Before reading this post on doing Matthew 4:12-23, please make sure to read our post on hearing Matthew 4:12-23. You can also see a quick overview of our DOTW Bible study method.
What action does God take in Matthew 4:12-23 toward others?
In this one passage of Scripture, Jesus performs many actions. Right away in verse 12 Jesus withdrew to Galilee. Far from being an insignificant detail, Jesus withdrew in order to fulfill an epoch-turning prophecy, signaling the arrival of the kingdom (link to summary blog post). In fulfillment of this he also dwells in Capernaum in verse 13. Jesus is also seen walking in verse 18. God the Son fulfills prophecy with actions that almost no one noticed. Just as with the burning bush, which could easily have been passed by, major fulfillment of prophecy happens in the most subtle ways. That is the character of God, as reflected in his actions. He is hardly ever obvious, and we should not expect him to be so in our own lives.

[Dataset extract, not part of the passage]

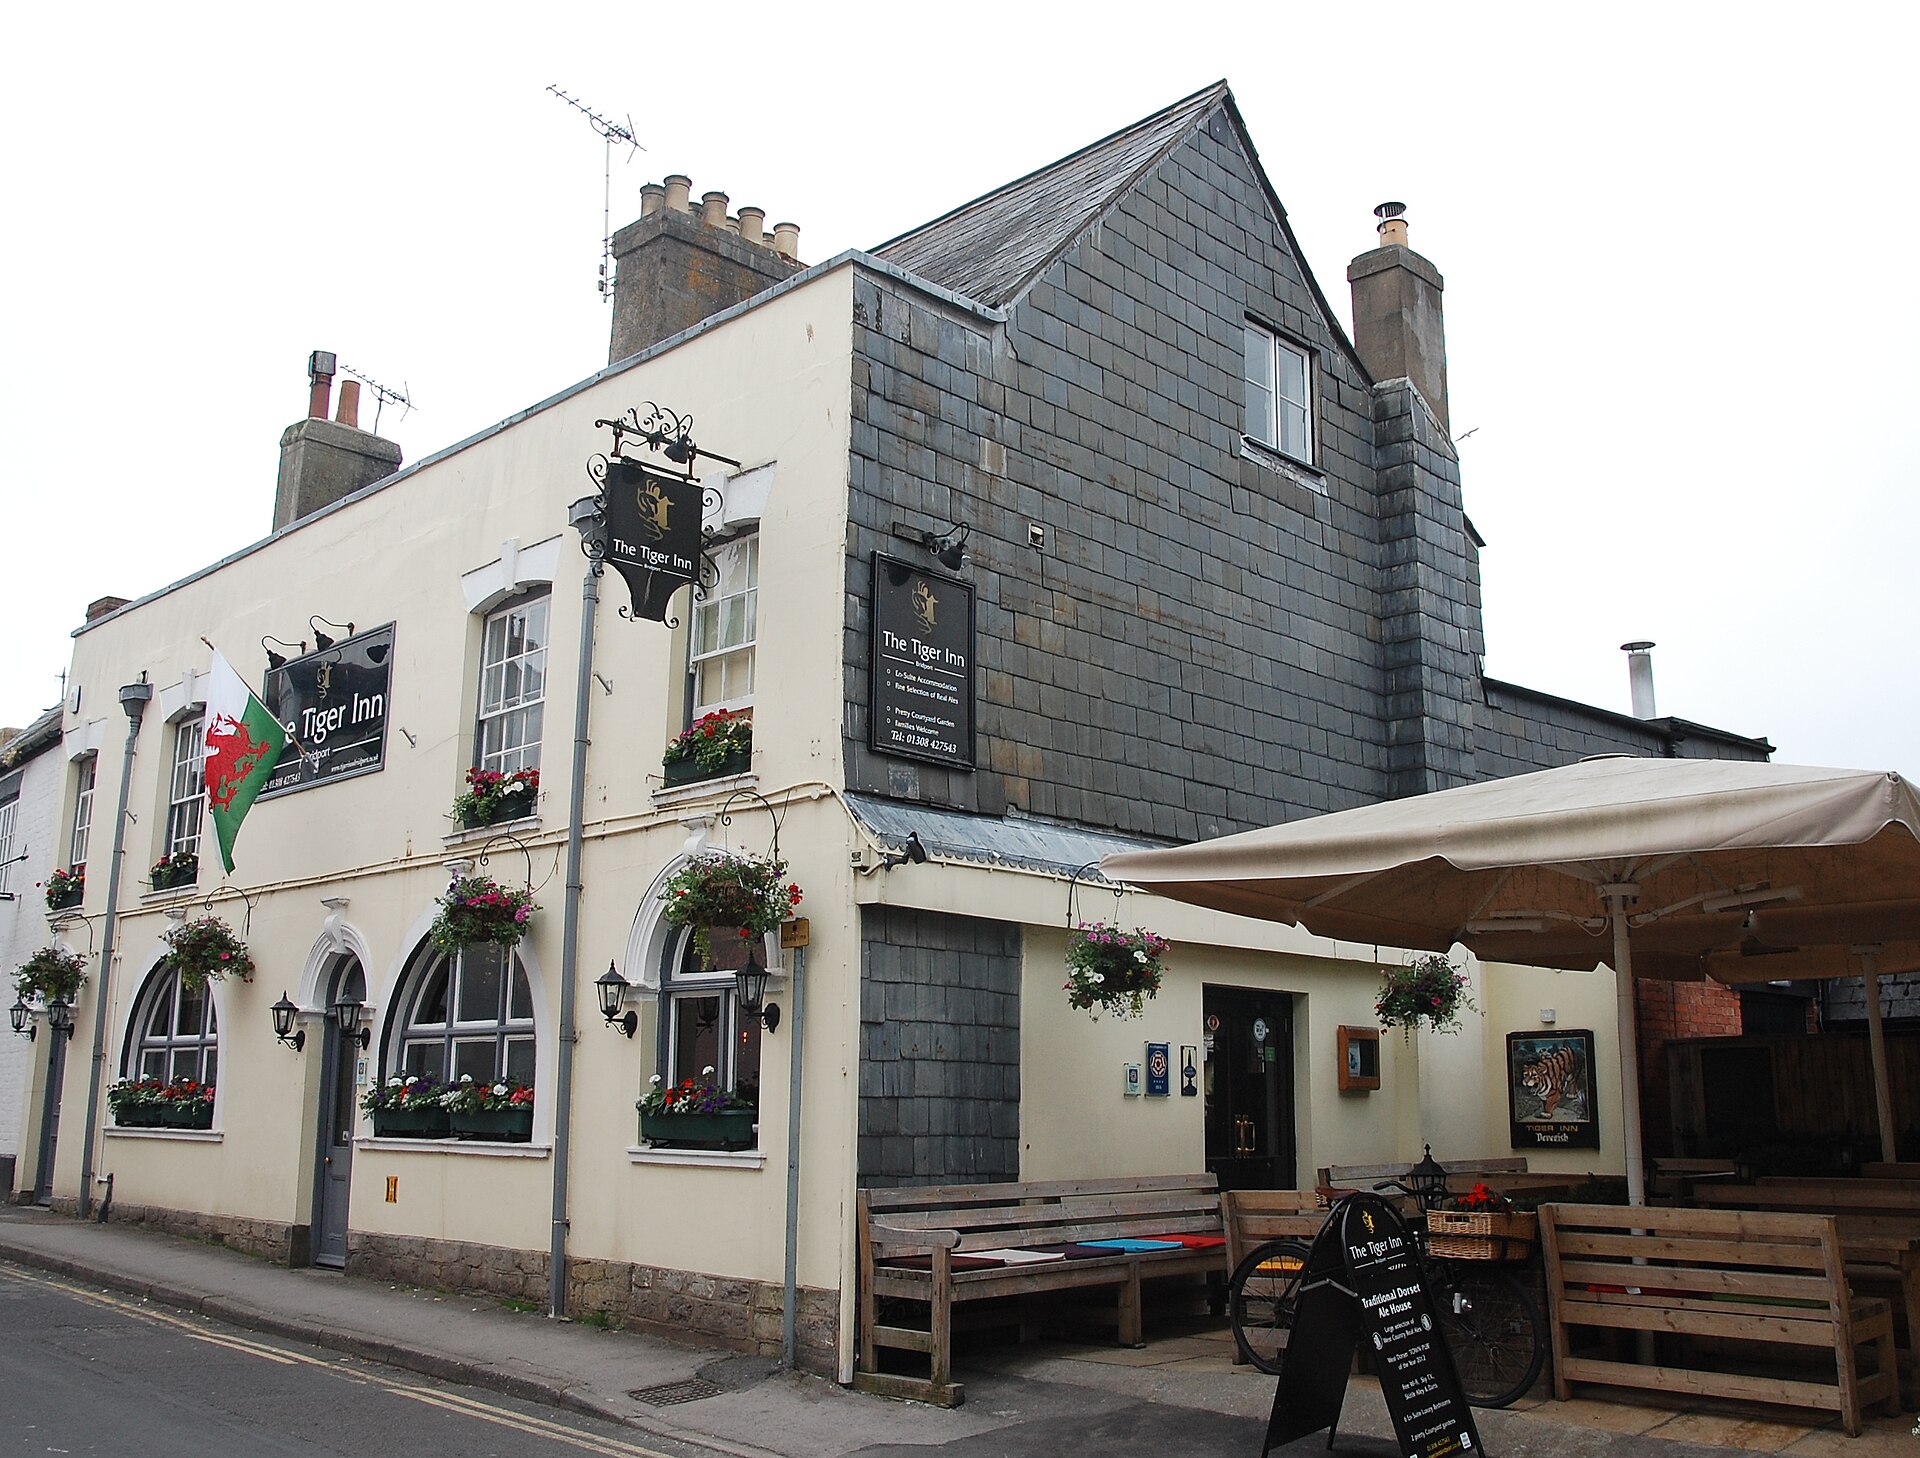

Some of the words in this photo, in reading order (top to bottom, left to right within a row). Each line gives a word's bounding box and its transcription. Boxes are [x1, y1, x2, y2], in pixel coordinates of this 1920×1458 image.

There are several actions in which Jesus takes towards others. We see Jesus preaching (vs. 17), calling to James and John (vs. 21), teaching, proclaiming the gospel of the kingdom, and healing (vs. 23). These show that it is the nature of God to interact personally, individually, directly. This is not a God who saves his best work for big crowds.
What action does God call me to take toward God? Toward others?
There are two very clear commands that Jesus gives in this passage of Scripture.
In verse 19, Jesus tells Simon and Andrew to “Follow me, and I will make you fishers of men.” In the scripture from John last week, disciples asked to followed Jesus. But here Jesus commands them to follow him. There is a world of difference between us following Jesus, and Jesus calling us to follow him. Our own interest is never enough to sustain discipleship. We do well to ask him to call us. This is a prayer he will always answer, not only for the twelve (as can be seen in Luke 9:57-62), but for us, too. Only his call to discipleship can sustain us.
Right before that, Jesus preaches, “repent” in verse 17. This message of repentance was given throughout Galilee as he taught in the synagogues (vs. 23). Jesus command to repent is not the first time we see this in the gospel of Matthew, though. John the Baptist gives the exact same command in the wilderness of Judea in Matthew 3:1. The difference is that this time the call is not given by the messenger who prepares the way for the king but instead by the king himself, after the messenger has been silenced.
That same message would be continued by the disciples. Jesus sent them out two by two in Mark 6:1-13, and in verse 12 it says that their message was “that people should repent.” Peter continues this same message even after Jesus’ death and resurrection saying,
Repent and be baptized every one of you in the name of Jesus Christ for the forgiveness of your sins, and you will receive the gift of the Holy Spirit (Acts 2:38).
Finally, Jesus himself is still giving the same message. In Revelation 3:19, he tells the church of Laodicea to be zealous and repent.
What actions did I take? Or, what actions will I take?
It might be tempting to rush through the application of this Scripture thinking that Christ’s commands to repent and follow only apply to new Christians or non-Christians.
But repentance should not be a one-time act. Instead, repentance is actually the Christian life! The great Christian reformer Martin Luther put it this way: “When our Lord and Master Jesus Christ said, ‘Repent,’ he willed the entire life of believers to be one of repentance.”
Often in the lives of modern day believers, confession and repentance are relegated to private acts of prayer, only between the believer and God. But biblically we are called to confess and repent openly, in the presence of others who are praying for us and keeping us accountable. James 5:16 says, “Confess your sins to each other and pray for each other.” Repentance is a complete change in direction, understanding, and living. If we can do that privately, it’s likely not true repentance, or at least it’s pretty shallow! Likely, the thing holding us back is pride—and we need to repent of that, too.
Our family has instituted an almost daily family time of confession and repentance. We share our sins with each other and we pray to God in front of each other and ask for forgiveness. One of my family members (even one of the children) will then end our time with an assurance of forgiveness such as 1 John 1:8-9, which says,
If we confess our sins, he who is faithful and just will forgive us our sins and cleanse us from all unrighteousness.
Repentance is something we should never outgrow. Just ask the church of Laodicea!